Interrupts can lead to MEPC inconsistent with register state / actually retired operations or pointing to entirely illegal instructions

Created by: ramonwirsch

When an interrupt, such as a timer interrupt occurs, the captured MEPC does not always reflect the correct address where to continue execution after the interrupt finishes. This can randomly lead to significant corruption and crashes.

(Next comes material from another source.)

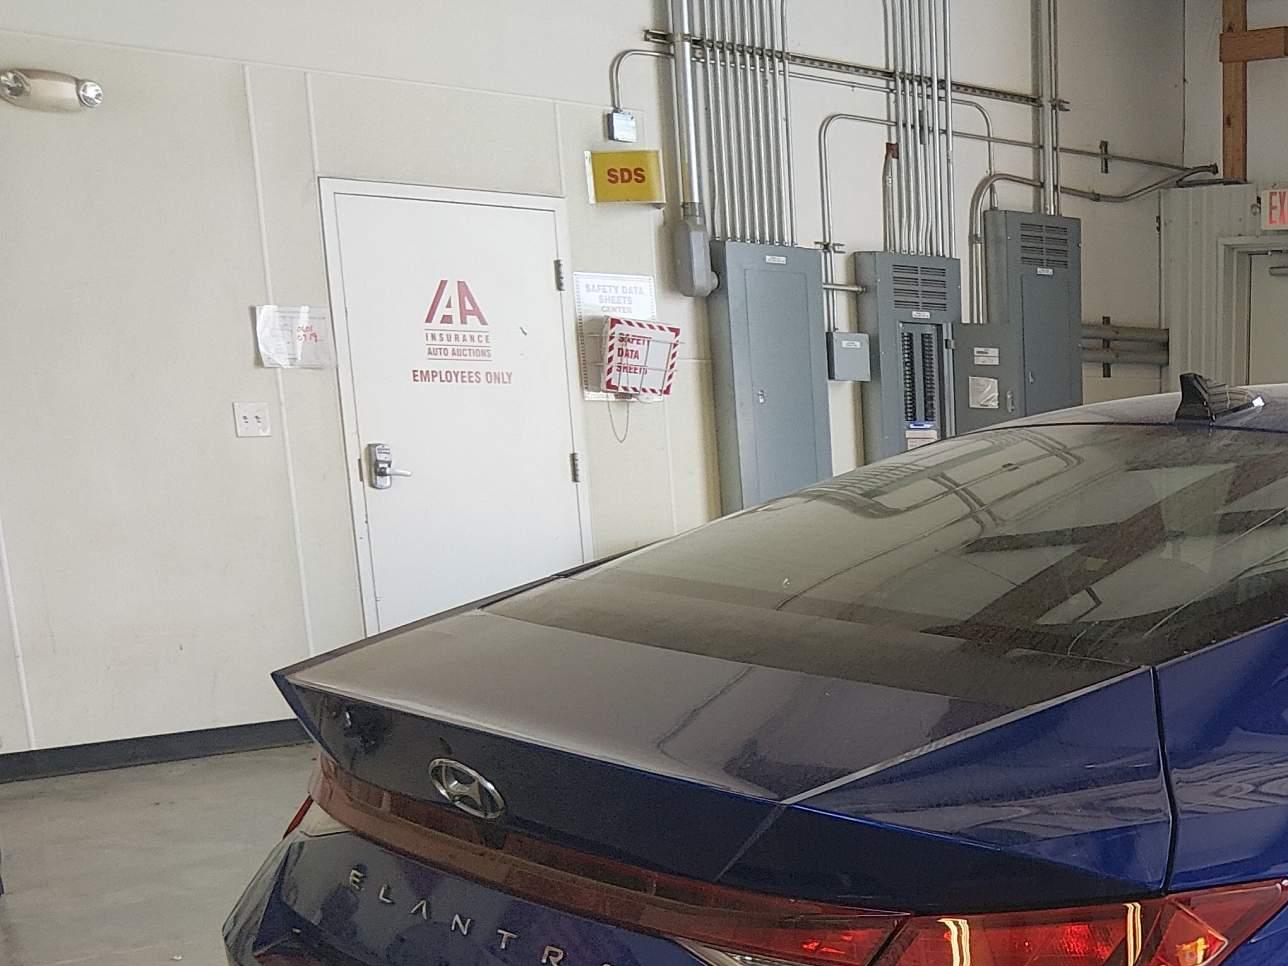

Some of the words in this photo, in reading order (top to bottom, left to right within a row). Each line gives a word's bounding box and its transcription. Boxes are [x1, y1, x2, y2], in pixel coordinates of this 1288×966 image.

I have observed the following 3 inconsistencies::

CSR modifications that were already started will always finish, yet MEPC can point to the CSR operation (so as not-executed,to resume here after interrupt)
MEPC can sometimes capture a normal (register-write) instruction that still retires (when the retiring of said instruction falls into the same cycle as the capturing. Same as with CSR-modifications, if the respective operation uses the modified output as input (addi a0, a0, 1), erroneous re-execution leads to broken state / MEPC is inconsistent with the register state.
addresses of prefetched instructions, yet not ever executed / possibly illegal instructions can be captured

Example for the 3rd case:

jr [label]
[illegal instruction]

The illegal instruction will be fetched and maybe decoded prior to CVA5 executing the jump and flushing. Gc_unit does not prevent the address from being captured into MEPC when an interrupt hits at the right time.

I have fixes for all 3 cases applied in my fork of CVA5, but my fork includes other changes, such as an FPU, reworked verilator implementation and for example modifying the timer interrupt input to match the RV-Privileged spec (#20). I have also written a test program that recreates all 3 cases for my fork and specific CVA5 configuration, using a timer implemented according to the RV-Priviliged spec. The benchmark arms the timer and expects it to request an interrupt at a specific cycle (and therefor instruction in the benchmark) that is still influenced by the branch predicator (I am using my production CVA5 config to run it).

I am also happy to share said benchmark and timer, but I have only tested them in my environment, which uses my own Picolibc build, runtime/board support library, CMake configuration, new binary input format and conversion tool for the verilator-simulator. So said test-code would probably need to be refactored into a test with specific, more consistent processor config and to only use the vanilla code base.

To outline the scope of fixes I have applied:

decouple MEPC capture from interrupt_taken signal
delay MEPC capture depending on if a instruction is currently being retired, ongoing CSR modification
changed oldest_pc from metadata_id block to next_retiring_insn_pc which applies branch_flush events and updates itself to not include illegal or unreachable addresses.

This was the simplest solution to fix the corruption and is probably not the most efficient solution to implementing interrupts. Looking at the timings it seems to be, every instruction that was already issued pre-interrupt could just retire normally instead of being rolled back (unlike when handling jumps/branches). Since we have to wait for all issued ops to retire anyways, it is wasteful to throw that state away (and can also take more cycles). Then some of my modifications would no longer be needed. But I found it too difficult to understand all the ways in which gc_unit needs to stay synchronized to other parts of the core to attempt that modification myself / expected this refactoring to be more work.

I am afraid I do currently not have the time to rebase my changes and test them without my code base so that I could provide a simple, conflict-free and tested patch-set.